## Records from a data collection
┄┄┄┄┄┄
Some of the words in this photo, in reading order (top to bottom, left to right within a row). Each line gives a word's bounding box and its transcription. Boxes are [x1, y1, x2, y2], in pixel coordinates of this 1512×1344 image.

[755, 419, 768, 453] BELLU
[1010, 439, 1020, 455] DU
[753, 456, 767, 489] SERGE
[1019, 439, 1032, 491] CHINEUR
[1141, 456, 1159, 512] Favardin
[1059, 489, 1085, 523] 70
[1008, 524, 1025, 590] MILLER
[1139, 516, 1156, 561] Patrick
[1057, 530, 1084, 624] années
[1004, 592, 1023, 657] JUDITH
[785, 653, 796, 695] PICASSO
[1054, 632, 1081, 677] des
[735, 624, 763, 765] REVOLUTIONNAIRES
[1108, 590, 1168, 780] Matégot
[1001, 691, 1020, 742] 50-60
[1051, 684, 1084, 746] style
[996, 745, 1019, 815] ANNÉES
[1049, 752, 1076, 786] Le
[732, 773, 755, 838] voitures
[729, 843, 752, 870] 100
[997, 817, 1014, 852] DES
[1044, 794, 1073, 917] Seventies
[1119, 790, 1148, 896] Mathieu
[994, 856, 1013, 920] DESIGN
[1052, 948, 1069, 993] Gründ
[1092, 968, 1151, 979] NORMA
┄┄┄┄┄┄
## Activity
Now that the records have been shown, restate each one word for word.

## Answer for this exercise
Some of the words in this photo, in reading order (top to bottom, left to right within a row). Each line gives a word's bounding box and its transcription. Boxes are [x1, y1, x2, y2], in pixel coordinates of this 1512×1344 image.

[755, 419, 768, 453] BELLU
[1010, 439, 1020, 455] DU
[753, 456, 767, 489] SERGE
[1019, 439, 1032, 491] CHINEUR
[1141, 456, 1159, 512] Favardin
[1059, 489, 1085, 523] 70
[1008, 524, 1025, 590] MILLER
[1139, 516, 1156, 561] Patrick
[1057, 530, 1084, 624] années
[1004, 592, 1023, 657] JUDITH
[785, 653, 796, 695] PICASSO
[1054, 632, 1081, 677] des
[735, 624, 763, 765] REVOLUTIONNAIRES
[1108, 590, 1168, 780] Matégot
[1001, 691, 1020, 742] 50-60
[1051, 684, 1084, 746] style
[996, 745, 1019, 815] ANNÉES
[1049, 752, 1076, 786] Le
[732, 773, 755, 838] voitures
[729, 843, 752, 870] 100
[997, 817, 1014, 852] DES
[1044, 794, 1073, 917] Seventies
[1119, 790, 1148, 896] Mathieu
[994, 856, 1013, 920] DESIGN
[1052, 948, 1069, 993] Gründ
[1092, 968, 1151, 979] NORMA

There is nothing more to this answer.